Namun sejumlah kendala dihadapi pedagang lain yang mencoba masuk di dunia maya. Misalnya Anis Nurlany (55), pemilik toko Fidhia Collections di DTC Lantai 3. Ia merasa sulit bersaing akibat para produsen juga ikut berjualan secara langsung.
“Harga mereka tentu lebih murah. Seharusnya ada aturan khusus yang membatasi hal tersebut. Selain itu, perputaran uang di online juga lebih lambat. Padahal bagi para pedagang, perputaran modal itu sangat berpengaruh,” jelasnya.
Sedangkan pedagang di Pasar Wonokromo mengaku lebih senang berjualan konvensional karena perputaran barang lebih cepat. Mereka juga sempat mengikuti acara Grebeg Pasar yang diadakan Kominfo bulan Juli lalu.
“Kami hampir setiap hari memasukan barang ke lapak online, tapi masih relatif sepi. Pembeli lebih suka datang langsung ke toko,” kata Dida (36), penjaga toko Style Bandung Jeans. Meskipun begitu, secara omzet terjadi kenaikan hingga 30% setelah mulai berjualan daring.
Sementara Manajer Pemasaran Pasar Jembatan Merah, Affan, mengungkapkan alasan lain para pedagang enggan masuk ke bisnis daring. Selain akibat susahnya sinyal sehingga transaksi terkendala, juga kurangnya rasa percaya pada pengelola marketplace.
“Mereka khawatir data-data mereka disalahgunakan. Seperti jenis barang, harga barang, nama dan lokasi pembeli. Takutnya dari data-data yang terkumpul tadi, akan berdampak turunnya perdagangan di pasar ini,” papar Affan.
Di tempat terpisah pelaksana Program UMKM Go Online, Puti Adella menjelaskan, Kementerian Kominfo secara masif mendigitalisasi para UMKM di pasar-pasar melalui kegiatan grebeg pasar. Kegiatan ini dimulai sejak Februari 2019 lalu dan berlangsung di 26 kabupaten/kota.

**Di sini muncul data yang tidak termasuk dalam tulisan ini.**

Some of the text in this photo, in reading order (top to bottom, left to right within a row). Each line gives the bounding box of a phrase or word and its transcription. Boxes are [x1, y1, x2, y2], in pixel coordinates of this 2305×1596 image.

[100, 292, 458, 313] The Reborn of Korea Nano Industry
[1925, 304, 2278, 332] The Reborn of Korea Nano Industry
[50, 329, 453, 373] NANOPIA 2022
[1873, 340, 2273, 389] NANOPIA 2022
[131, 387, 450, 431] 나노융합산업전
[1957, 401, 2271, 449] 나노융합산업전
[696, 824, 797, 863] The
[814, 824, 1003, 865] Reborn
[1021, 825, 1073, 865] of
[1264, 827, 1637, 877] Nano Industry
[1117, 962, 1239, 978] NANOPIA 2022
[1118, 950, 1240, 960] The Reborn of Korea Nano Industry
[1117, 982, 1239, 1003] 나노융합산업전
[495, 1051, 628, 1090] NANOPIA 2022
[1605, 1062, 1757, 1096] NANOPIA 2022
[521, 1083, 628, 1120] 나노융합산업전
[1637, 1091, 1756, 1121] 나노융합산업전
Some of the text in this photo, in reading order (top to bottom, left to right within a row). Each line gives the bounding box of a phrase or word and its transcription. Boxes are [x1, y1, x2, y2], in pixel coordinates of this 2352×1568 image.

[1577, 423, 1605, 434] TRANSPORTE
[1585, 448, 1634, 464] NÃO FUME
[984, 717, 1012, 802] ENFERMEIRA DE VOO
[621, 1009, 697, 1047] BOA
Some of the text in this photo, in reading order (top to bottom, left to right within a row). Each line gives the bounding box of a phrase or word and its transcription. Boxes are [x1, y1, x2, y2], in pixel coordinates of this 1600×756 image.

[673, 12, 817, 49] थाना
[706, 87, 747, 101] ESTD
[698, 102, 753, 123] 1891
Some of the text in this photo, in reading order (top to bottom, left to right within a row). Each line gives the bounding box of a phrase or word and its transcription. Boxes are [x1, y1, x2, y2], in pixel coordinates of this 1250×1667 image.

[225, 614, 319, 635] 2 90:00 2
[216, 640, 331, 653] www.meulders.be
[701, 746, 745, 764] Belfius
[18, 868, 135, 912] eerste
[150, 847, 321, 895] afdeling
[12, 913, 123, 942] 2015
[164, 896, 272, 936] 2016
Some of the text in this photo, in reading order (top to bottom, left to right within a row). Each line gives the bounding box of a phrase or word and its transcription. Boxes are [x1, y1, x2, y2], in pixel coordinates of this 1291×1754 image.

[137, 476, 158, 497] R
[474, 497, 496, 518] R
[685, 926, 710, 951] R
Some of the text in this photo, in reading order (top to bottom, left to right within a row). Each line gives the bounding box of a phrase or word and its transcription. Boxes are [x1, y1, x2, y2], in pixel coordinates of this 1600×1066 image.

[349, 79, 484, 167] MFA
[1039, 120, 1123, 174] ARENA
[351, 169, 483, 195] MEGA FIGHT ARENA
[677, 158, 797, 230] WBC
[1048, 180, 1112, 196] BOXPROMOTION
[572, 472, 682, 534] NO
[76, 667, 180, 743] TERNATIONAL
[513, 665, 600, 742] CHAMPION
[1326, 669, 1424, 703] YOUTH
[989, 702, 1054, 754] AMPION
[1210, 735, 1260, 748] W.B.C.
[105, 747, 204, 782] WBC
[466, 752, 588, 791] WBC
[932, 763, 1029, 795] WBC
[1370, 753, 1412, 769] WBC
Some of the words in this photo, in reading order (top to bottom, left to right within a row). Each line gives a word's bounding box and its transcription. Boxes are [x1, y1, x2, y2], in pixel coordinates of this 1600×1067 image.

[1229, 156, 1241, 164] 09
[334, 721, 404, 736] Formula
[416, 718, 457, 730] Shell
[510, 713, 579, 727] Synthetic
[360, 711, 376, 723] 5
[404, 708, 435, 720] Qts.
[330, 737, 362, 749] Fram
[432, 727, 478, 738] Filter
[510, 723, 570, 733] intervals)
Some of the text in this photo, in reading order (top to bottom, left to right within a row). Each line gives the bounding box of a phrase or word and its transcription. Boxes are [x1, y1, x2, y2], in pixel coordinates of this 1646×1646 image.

“Kami terus turun ke pasar-pasar, salah satunya di Kota Surabaya pada bulan Juni – Juli lalu. Kami menggandeng sejumlah marketplace dan pengelola pasar setempat, serta dibantu relawan Pandu Digital. Program ini akan terus berjalan sesuai target kami delapan juta UMKM siap online,” pungkasnya. (mhk/lry)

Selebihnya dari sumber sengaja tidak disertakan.